The tragic plight of the Co-op certainly poses hard questions for Labour, whose direct links with the UK’s dominant mutual movement go back to the founding of the Co-operative Party in 1917. In the current House of Commons, 32 MPs sit as joint Labour and Co-operative Party members. But trying to pin the fall of the Co-op Bank on the egregious excesses of one man makes a nonsense of what we already know.

Eight months before Flowers even became chairman of the Co-op Bank, it had already merged, in August 2009, with the Staffordshire-based Britannia Building Society. That’s where the rot really set in. If I dare even mention it, in this period of exclusively binary debate in this part of these islands, there are strong Scottish strands to this saga.

Back in 1990, Britannia had merged with Glasgow-based FS Assurance, one of many mutually-owned Scottish life offices still operating on their own account at that time. The F stood for Foreman and the S for Staff. FS was originally a friendly society, formed in 1899, active mainly in Clydeside’s thriving engineering industry.

After the merger, FS was renamed Britannia Life. From its base in Glasgow’s Bothwell Street, it rapidly grew its funds under management. By 1999, when a majority stake passed to Britannic Group, they had topped £19 billion. Today the Glasgow operation is part of Ignis Asset Management, a subsidiary of the listed Phoenix Group, the UK’s largest consolidator of closed life assurance funds.

Some of the other once-familiar names of mutually-owned Scottish life office live on, if only on Phoenix’s books. Britannia Building Society used the proceeds of its sale of its Scottish asset management business to Britannic Group to stoke up its own property lending in the early years of this century.

When the merger with Co-op Bank went through in 2009, there was a lot of questionable commercial property and buy-to-let loans on Britannia’s books, a toxic legacy from those bubble years.
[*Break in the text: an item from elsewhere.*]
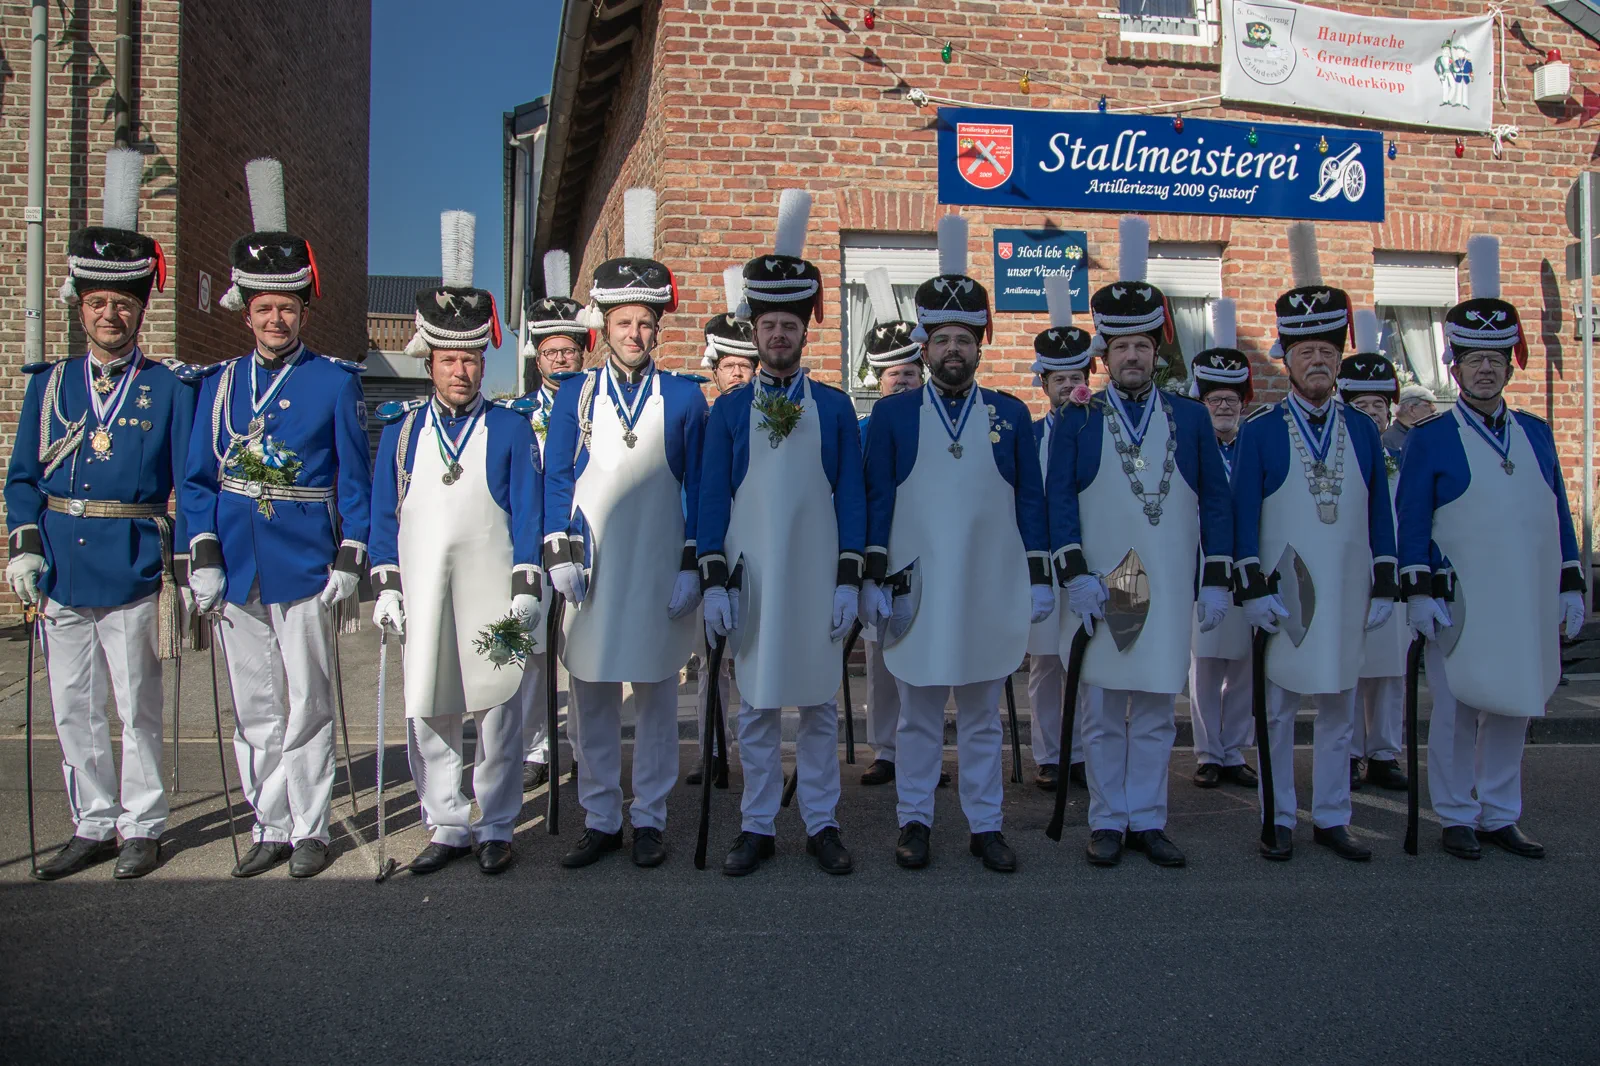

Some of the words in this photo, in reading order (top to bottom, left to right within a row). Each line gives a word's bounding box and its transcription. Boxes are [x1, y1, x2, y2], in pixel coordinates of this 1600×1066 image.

That and the cost and technical complexity of putting the Co-op and Britannia computer systems onto a common platform were challenging enough.

Then came the opportunity for the growing Co-op Bank to expand massively again, by buying another 632 established branches. Lloyds, having swallowed up the Bank of Scotland after the UK government bailed it out, was ordered to sell the tranche by the European Commission, under state-aid rules. The Co-op was told by the UK regulator in April last year it didn’t have enough capital to buy them. But, three months later, it was named as preferred bidder in the £750 million deal.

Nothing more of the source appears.